I was in Brazil, in the deep south of Brazil, what is known as the Rio Grande de Sul, and in the old imperial city of Pelotas. Pelotas is a city that still possesses traces of its ancient grandeur; it has some fine houses and a palace, two cathedrals, and three universities. But Angela, we’ll call her that, lived with her family and the other families around her in a very different Pelotas. Their world was the favela.

I was there maybe fifteen years ago. I’d been attending a conference in the busy city of Porto Allegre, some way to the north, as a guest of the Anglican Episcopal Church of Brazil. The Bishop of Pelotas was one of the other guests, and he invited me to visit his diocese. I saw the old palace, and visited the Anglican Cathedral, and I remember spending some time in a rather fine coffee shop with cakes the equal of any in the world. But I did also visit the world Angela inhabited. The favela where she lived was known as Anglo; Anglo because it was located in the ruinous grounds of what used to be the Anglo-American Salt Beef Packing Company. There’s no great call these days for salt beef.

The favela consists of shacks not unlike a rather poorly constructed garden shed. But each shed contains a family. Dirt tracks run through, and to gain access from the track to the compound of a particular dwelling you have to cross an open sewer. Everywhere was very dusty, rather smelly too.
Anglo has been there for quite a while. Here and there one or two of the shacks had become small villas constructed from breeze blocks and painted pink. And a few of the dusty tracks had the occasional lamp on a post. Later in my visit I saw a newer camp, on some waste ground near the centre of the city and much more vulnerable to being cleared away by the authorities; and there people were living in what were little more than tents.

But don’t imagine that the people in Anglo were anything other than dirt poor. Maybe a lucky few were doing better, but most, like Angela, were just scraping by at best. What did they do? Angela showed me her cart. It’s in the picture. She walked the streets with this cart collecting rubbish, plastic mostly but cans and things as well. I saw them sorted and piled along one side of her small yard. Plastic bottle tops were especially prized, she told me (through my interpreter, a Swiss girl doing a mission placement there). You got the best price for bottle tops.

But the deacon at the little church there told me they didn’t get much of a price for anything; that was the problem. In Brazil everything that can be recycled is recycled, and it’s the poor that do it. But people in Anglo had to sell to the traders who came round and collect, maybe once a week, once a fortnight. They’d never quite know when the traders would come, and they’d no choice but to accept what the traders offered them. Angela had a pile of rubbish, sorted and ready for the trader, but no-one had come, and that day she’d no money to feed her children. The church had a soup kitchen that day; without it, they wouldn’t have eaten, she said. And just the day before I’d been eating cream cakes with an excellent coffee or two without a care in the world. 

I went to the soup kitchen, and met Angela again there. The place was crowded. Mission hymns were sung, joyfully if not all that tunefully. And soup was ladled out into the plastic bowls and tubs the women brought, and bread and cabbages were handed out too.

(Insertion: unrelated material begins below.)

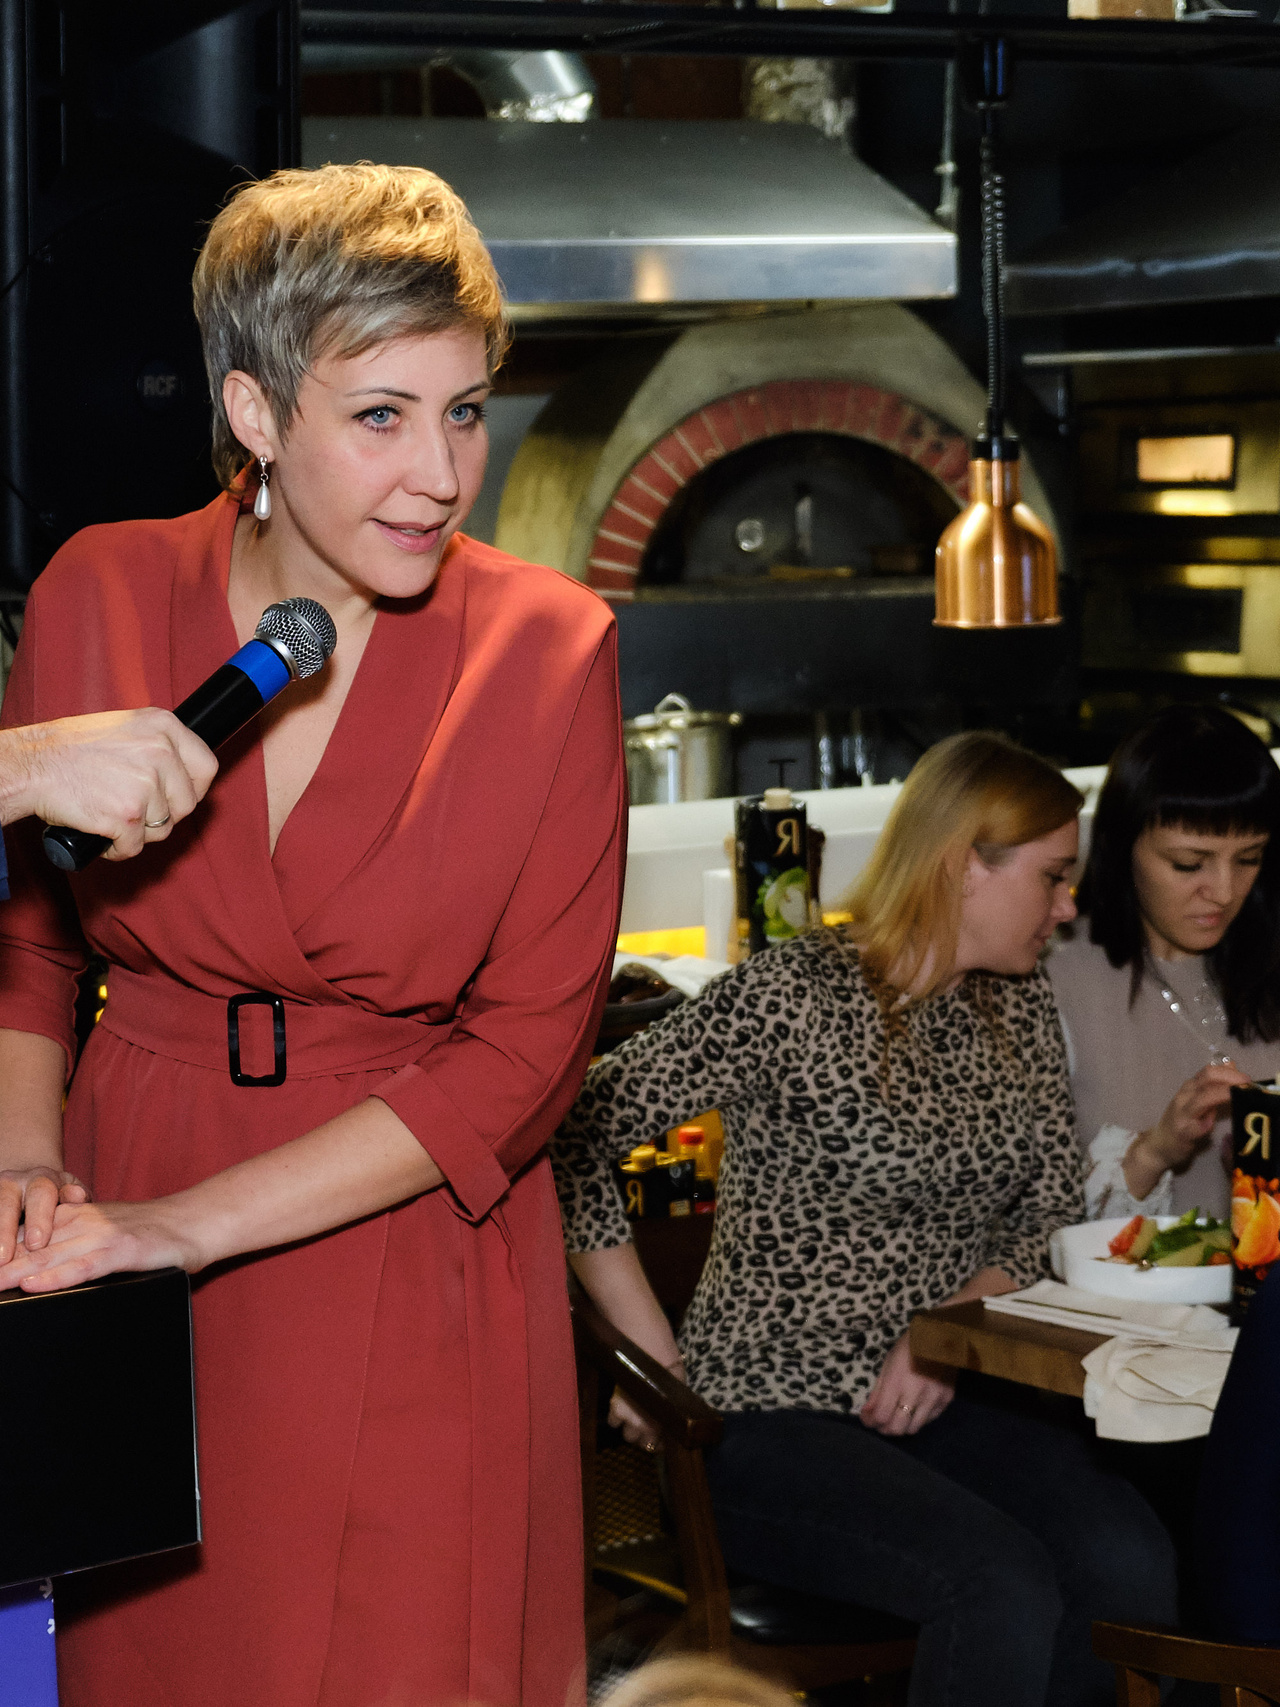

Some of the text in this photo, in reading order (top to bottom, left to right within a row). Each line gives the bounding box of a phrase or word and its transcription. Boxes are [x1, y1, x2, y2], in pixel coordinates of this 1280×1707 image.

Everyone there was pretty much in the same boat. They were all living on the edge, at risk, constantly, from petty crime, from exploitation by traders who rip them off, from disease, those open drains didn’t look or smell all that healthy, and from the city fathers who might just decide to tidy things up by bulldozing the favela and kicking them all out.

The soup kitchen was one project, but the church there wanted to do more. It hoped to buy and secure the old Anglo site: some of the old buildings could be used to set up a co-operative to sort, process and bale the waste the folk of Anglo collected. Then they could sell it directly to the big recycling firms and not have to rely on the traders who turned up when they felt like it, offered poor rates and probably also cheated on the scales. I hope that by now they’ve managed to do that. Angela’s children won’t be far off grown up by now. Will they still be as poor as she was? What do they have to look forward to?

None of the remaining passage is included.